The article talks about Scott Nicholson, who is a graduate of Colgate University. His father is a general manager of a manufacturing company, and his grandfather is a retired stock broker. Mr. Nicholson has been struggling to find employment. I think that it's long since past time that this new generation needs to seriously open their eyes and realize that their path is not going to be the same easy, cushioned one that their parents and grandparents were able to take. The loss of our industrial sector to third-world nations has resulted in a chain reaction in which one of the fatalties have been productive careers of virtually all stripes. Another culprit, in my opinion, has been the migration of our young people into colleges.
I can't remember where I read this, but back in our manufacturing heyday, the ratio of high school graduates moving on to secondary education was roughly 1 in 5. I'm presuming that the other 4 would have probably sought work in a factory or even in a white-collar job, where a degere wasn't as much a requirement back them. Today, the opposite is largely true, with 4 in 5 high school graduates going on to college. This has created a large glut of newly minted B.A. recipients entering a job market that simply cannot support them. I am one of those people. Even with a secondary one-year certificate (in paralegal studies) on top of my B.A, I have not had a job interview in two years.

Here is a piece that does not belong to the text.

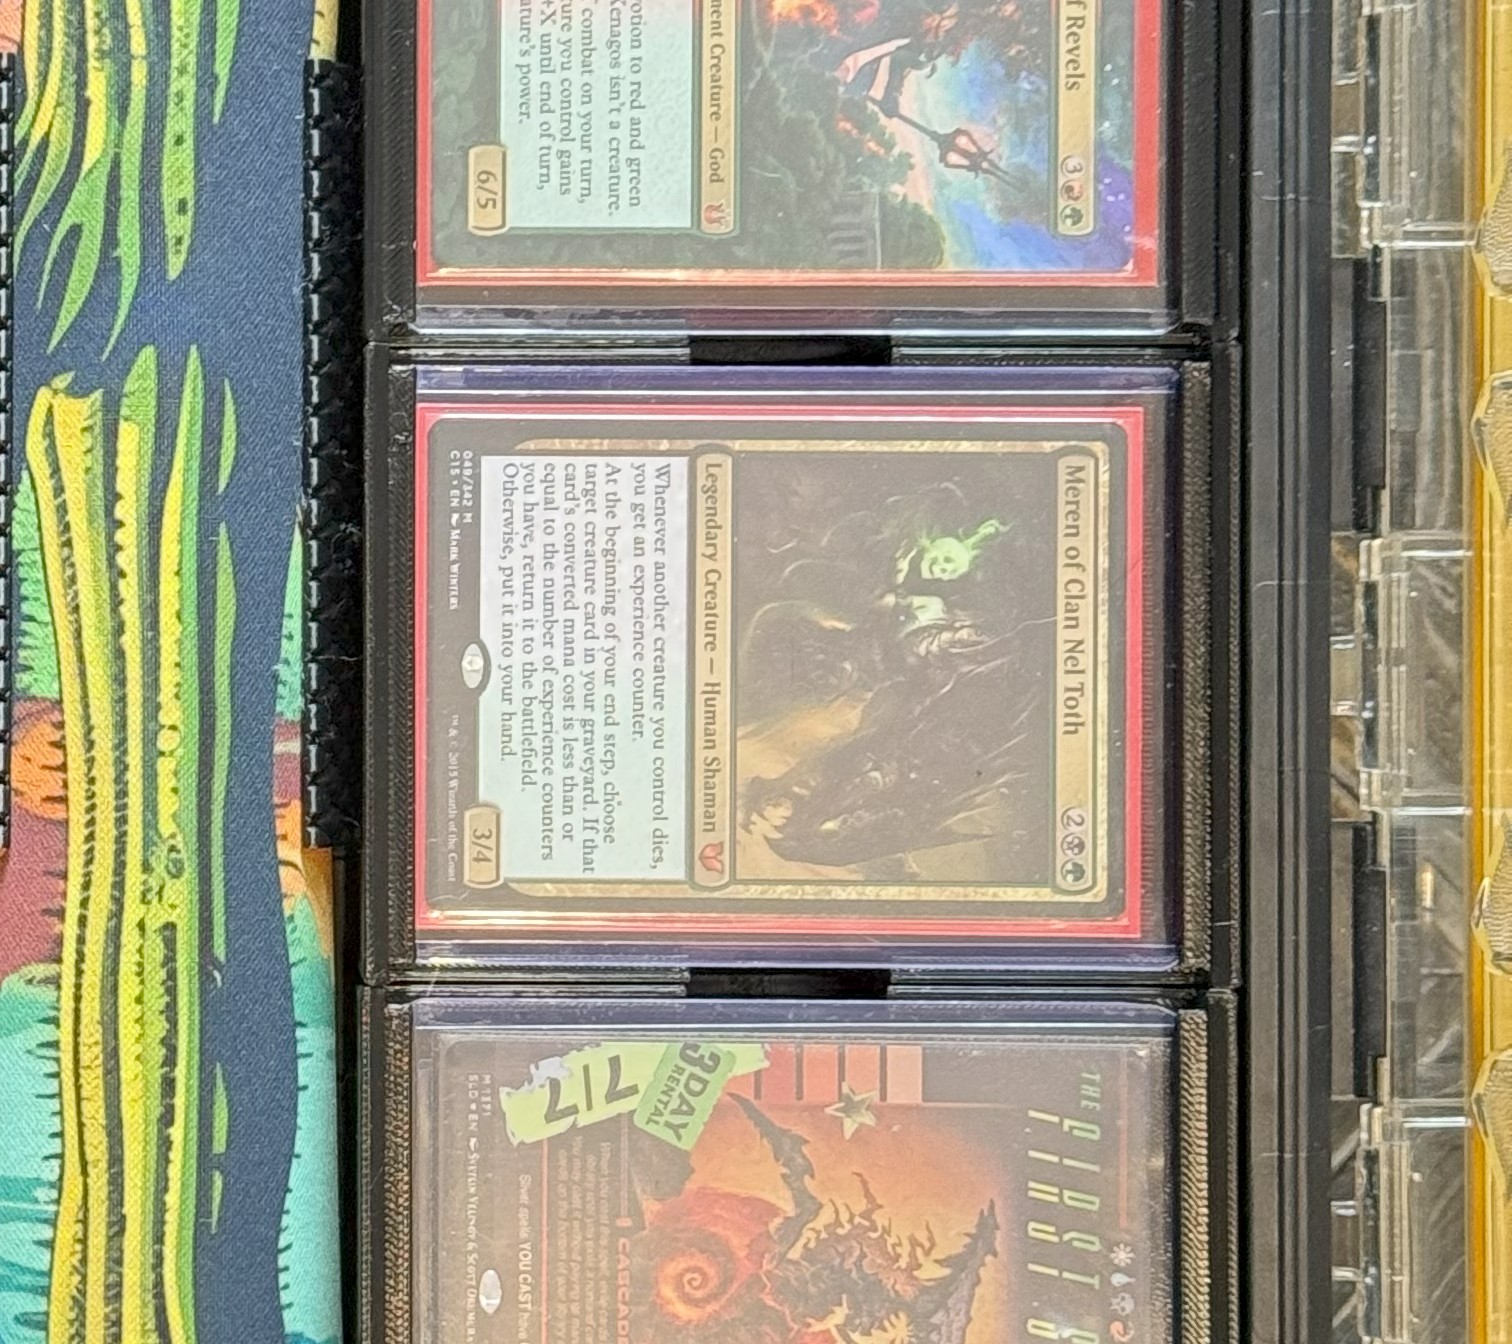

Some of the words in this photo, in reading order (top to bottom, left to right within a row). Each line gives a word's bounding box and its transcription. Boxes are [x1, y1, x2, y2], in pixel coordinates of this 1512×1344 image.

What makes this problem exponentially worse is that years of experience or advanced degrees seem to be a requirement for employment in this economy, putting the new generation of graduates and job seekers at a monumental disadvantage. Years ago, I read in a book that in the near-future (which is now), that the bar for success would be set so high that only a relative few would be able to live that "American Dream" that we grew up believing in so much. I have decided to give up looking for employment in the legal sector (which I spent a year training for in school, not to mention the money that I spent), due to the only jobs being available requiring ridculous amounts of experience (and even experience won't help you, if you spent 5 years working in say, personal injury law, and a job you're looking at requires that experience to be in matrimonial law) or being internships, in which case, you work for no pay.
Okay, I think I'm off my soapbox now. As to the article in question, out of all the young graduates struggling to find meaningful employment, I don't think the Times could have picked a worse candidate for a cover story than this guy, Scott Nicholson. He is a case study in how no one can feel sorry for themselves like rich white people can. He has applied for roughly five jobs a week without much success, he hasn't been able to find the jobs he wanted. Okay, so far, so good. But then it's revealed that he was offered a job, for $40,000 a year, as an associate claims adjuster for an insurance company. And he turned it down because he felt that he was too good for the position and deserved better. As someone who is in similar shoes (and being seven years older, which makes my situation more dire than his), if I had gotten a similar job offer, I would have jumped at it, as I imagine most people would. What makes it even worse is this:
“I’m sitting with the manager, and he asked me how I had gotten interested in insurance. I mentioned Dave’s job in reinsurance (Dave is his brother--ed.), and the manager’s response was, ‘Oh, that is about 15 steps above the position you are interviewing for,’ ” Scott said, his eyes widening and his voice emotional.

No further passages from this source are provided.